Młody Papież Paolo Sorrentino o fikcyjnym pontyfikacie Piusa XIII (w tej roli Jude Law) to trafna szpila w Watykan.
Watykan na widelcu i to przez kogo, przez samego papieża, ale papież też ma swoje za uszami. Na dodatek kręci i zwodzi swoich współpracowników, a jak się okazuje nawet wiernych. Oprócz tego pokazuje, w jednej ręce trzymając papierosa, karierowiczów, gejów, obnaża wszystkie wady i słabości. Kpi i momentami kipi.
Wszystko to w przemyślanych w każdym szczególe kadrach. Piękne zdjęcia, ciekawy montaż, wzmacniają jeszcze bardziej siłę scenariusza. Reżyser jednak nie ułatwia nam zadania, nie dzieli bohaterów na złych i dobrych. Nie będziemy z maślanymi oczami wgapiać się w Piusa XIII, bo czasem nie da się go nawet lubić.

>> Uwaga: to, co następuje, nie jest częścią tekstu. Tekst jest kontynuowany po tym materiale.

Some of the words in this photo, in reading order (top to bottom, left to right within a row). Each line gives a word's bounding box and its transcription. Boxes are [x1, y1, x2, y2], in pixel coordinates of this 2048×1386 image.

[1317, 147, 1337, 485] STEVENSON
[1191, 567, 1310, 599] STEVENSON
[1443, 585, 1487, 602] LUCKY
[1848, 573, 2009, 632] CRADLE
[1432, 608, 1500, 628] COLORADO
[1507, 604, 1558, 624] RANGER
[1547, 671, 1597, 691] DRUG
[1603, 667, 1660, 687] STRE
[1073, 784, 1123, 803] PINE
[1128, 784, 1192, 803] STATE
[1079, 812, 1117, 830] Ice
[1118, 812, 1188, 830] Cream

Porównywanie Juda Law jako papieża do Franka Underwooda jest kiepskim chwytem marketingowym, bo takie skojarzenia mogą jedynie zaszkodzić. Watykan w serialu owszem jest pełen intryg, a Papież zręcznie miesza i podpuszcza przeciwników, ale to zupełnie inne wydanie. Tu więcej jest dialogów, czy obrazów mających wywołać prowokację, albo namieszać nam w głowach. Nie ma sensacji, ani gwałtownych zwrotów akcji.

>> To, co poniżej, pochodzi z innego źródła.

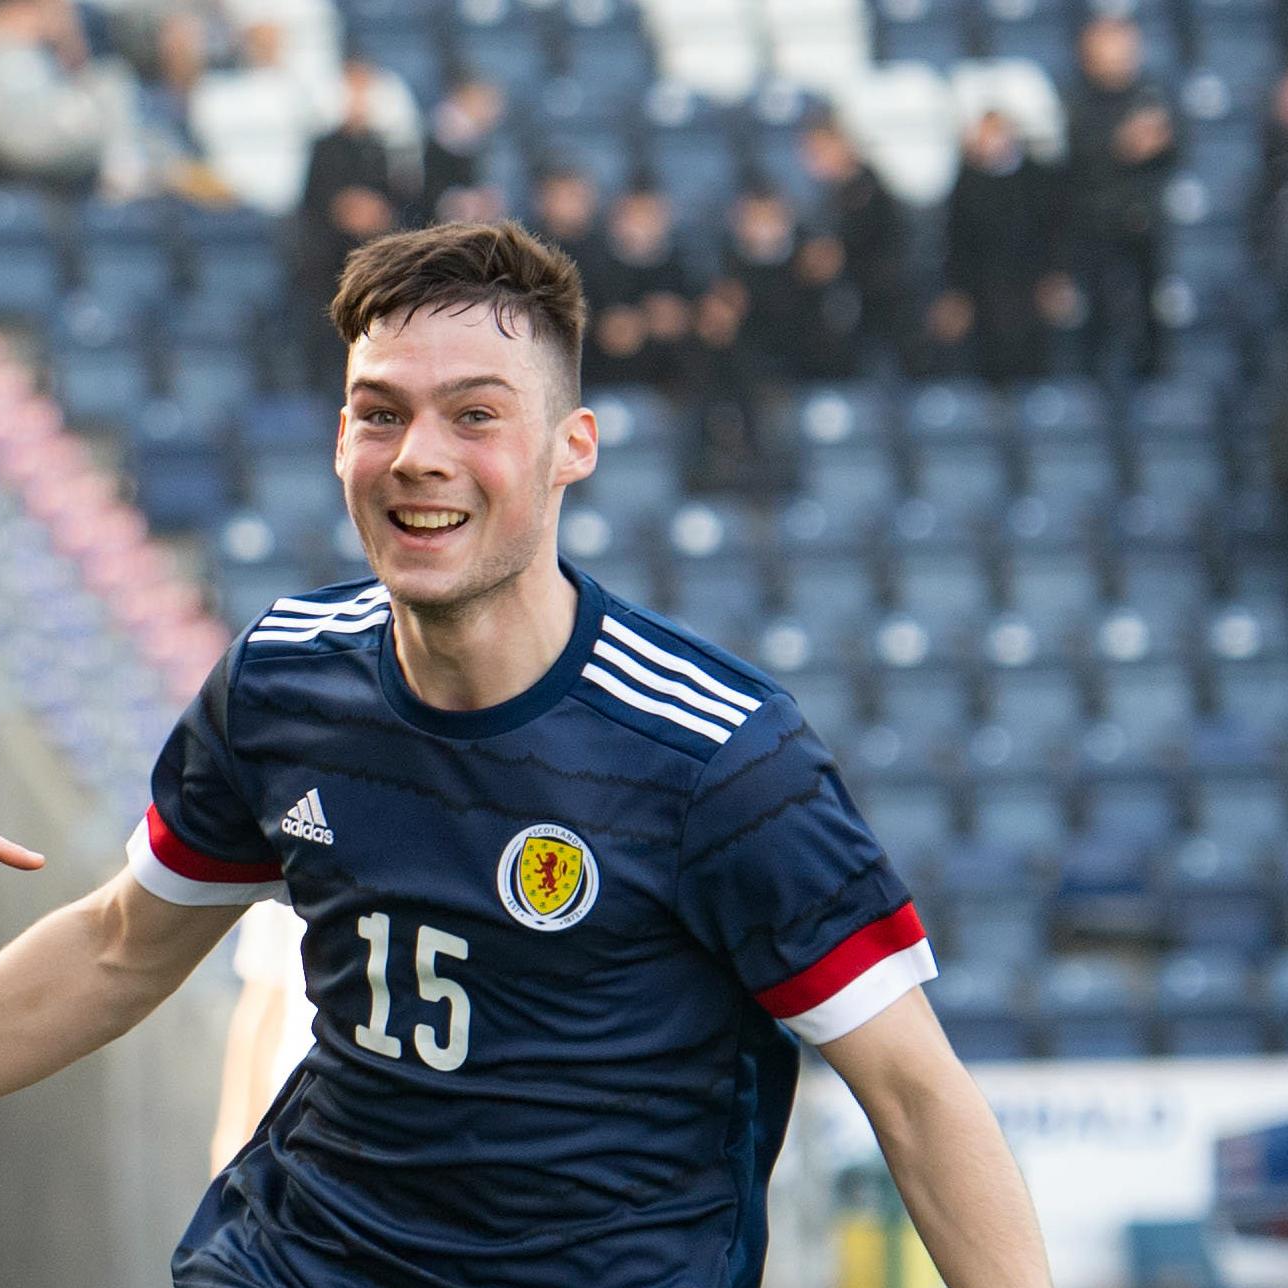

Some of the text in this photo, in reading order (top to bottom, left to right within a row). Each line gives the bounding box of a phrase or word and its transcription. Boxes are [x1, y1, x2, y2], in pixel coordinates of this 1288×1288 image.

[281, 817, 334, 845] adidas
[532, 827, 579, 845] SCOTLAND
[355, 911, 472, 1073] 15

A wszystko to w cieniu pytania: czy Bóg istnieje? bo nawet sam papież zadaje sobie to pytanie.
Na koniec okazuje się, że papież jest osobą powściągliwą jeśli chodzi o poranne posiłki.
Papież wywraca oczami na suto zastawiony stół:
– Not knowing your tastes Your Holiness, we took the liberty of preparing a little of everything.
– Didn’t anyone tell you I dont eat much? Hardly anything, in fact! All I have in the morning is Cherry Coke Zero.
Na domiar złego sprowadzają mu siostrę Bice, kucharkę, która traktuje papieża jak swojego wnuczka, albo innego chłoptasia pod skrzydłami.
– You just tell your Bice what you want and I’ll prepare it for you. Matriciana, pasta e fagioli, carbonara, lasagne…
Jej entuzjazm i otwartość szybko zostaną zgaszone.
Tak czy owak, kto pije i pali ten nie ma robali. Na razie tylko pali i mało je, ale za to wywraca Watykan do góry nogami.